[WCN21;81;443]

The B Cell Biology Underlying Autoantibody-Mediated Diseases: Pathogenesis & Therapeutic Implications

Sarosh Irani

I am Head of the Oxford Autoimmune Neurology Group, and clinician-scientist with both clinical and laboratory interests in the autoantibody-mediated diseases of the nervous system, in particular the central nervous system. I run a dedicated clinic for the care of these patients and, in parallel, a research group of clinicians and scientists to study origins of these diseases and improve patient treatments.

Our work has:

1. Discovered new autoantibodies such as those which target LGI1 and CASPR2.
2. Shown that autoantibody specificities can have a remarkably close relationship with the patient phenotype. For example, the psychopathological features and movement disorder in patients with NMDAR-antibodies, and in the seizure semiologies in patients with LGI1-antibodies. These observations improve recognition of patients with encephalitis.
3. In conjunction, we study the cellular and humoral human immunology to understand the basis of these diseases.

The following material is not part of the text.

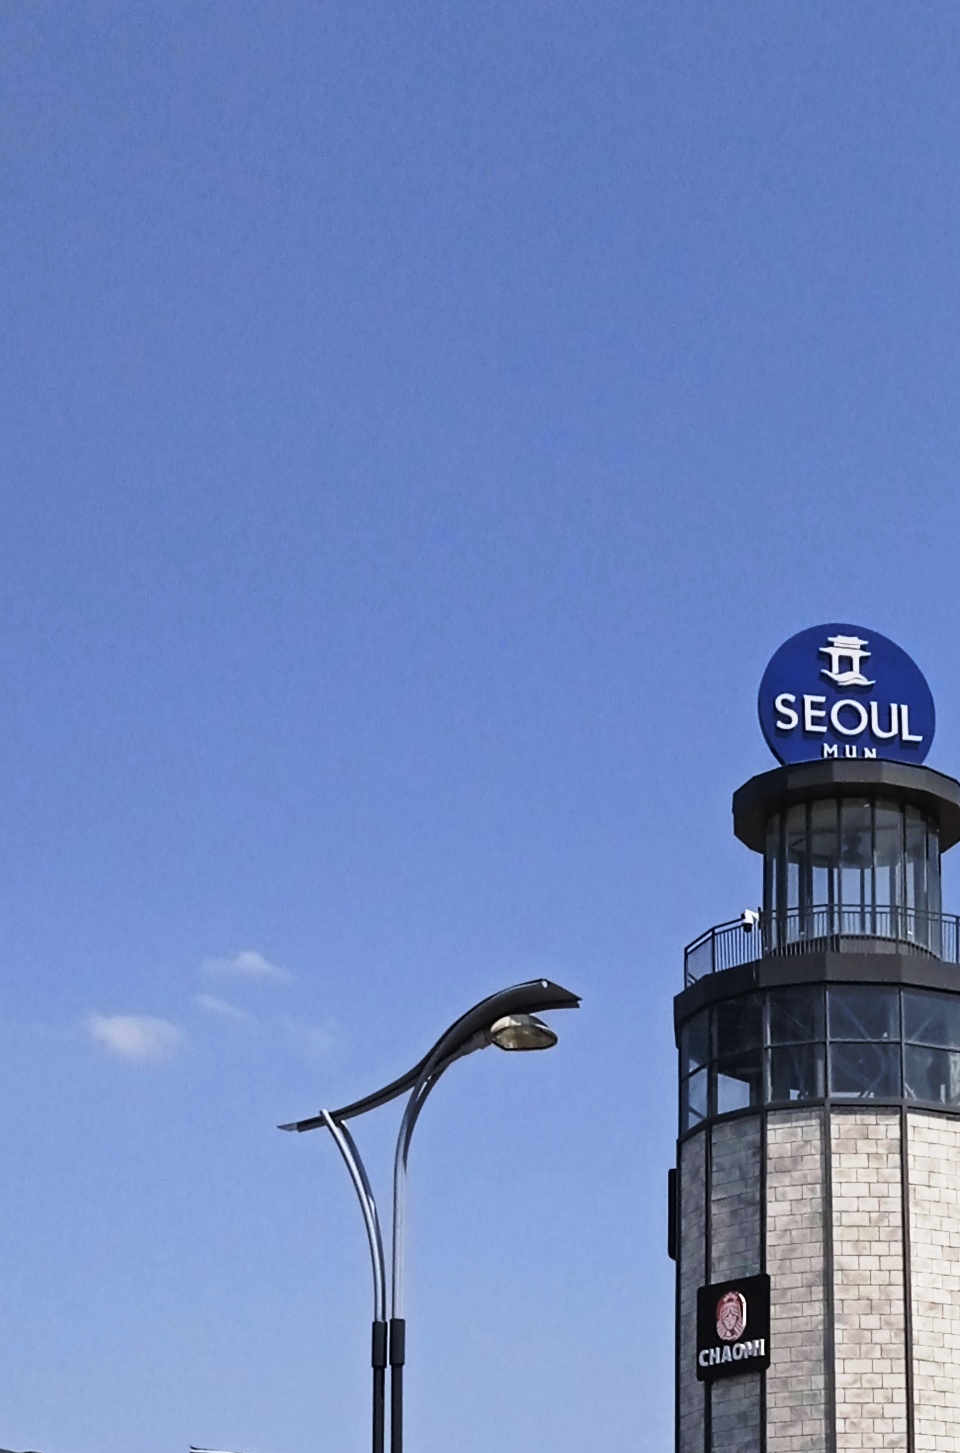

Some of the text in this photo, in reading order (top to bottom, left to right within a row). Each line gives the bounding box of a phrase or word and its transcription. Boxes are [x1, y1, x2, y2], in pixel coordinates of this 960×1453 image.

[774, 693, 923, 742] SEOUL
[823, 743, 877, 759] MUN
[698, 1339, 765, 1367] CHAOMI

To date, we have described some of medicine’s strongest genetic (HLA) associations in patients with these autoantibodies and the potential of patient B cells in circulation to produce the autoantibodies in these conditions. In addition, we have used the immune cells within patient ovarian tumours to better understand the aetiology of these diseases. We are using these foundations to understand the breaks in immune tolerance and developing methods to rapidly generate patient-derived monoclonal antibodies to precisely explore the neuroscience mechanisms by which the antibodies cause disease.

We anticipate ongoing work towards determining the mechanisms underlying aetiology and propagation of these conditions will allow the rational selection of future immunotherapies.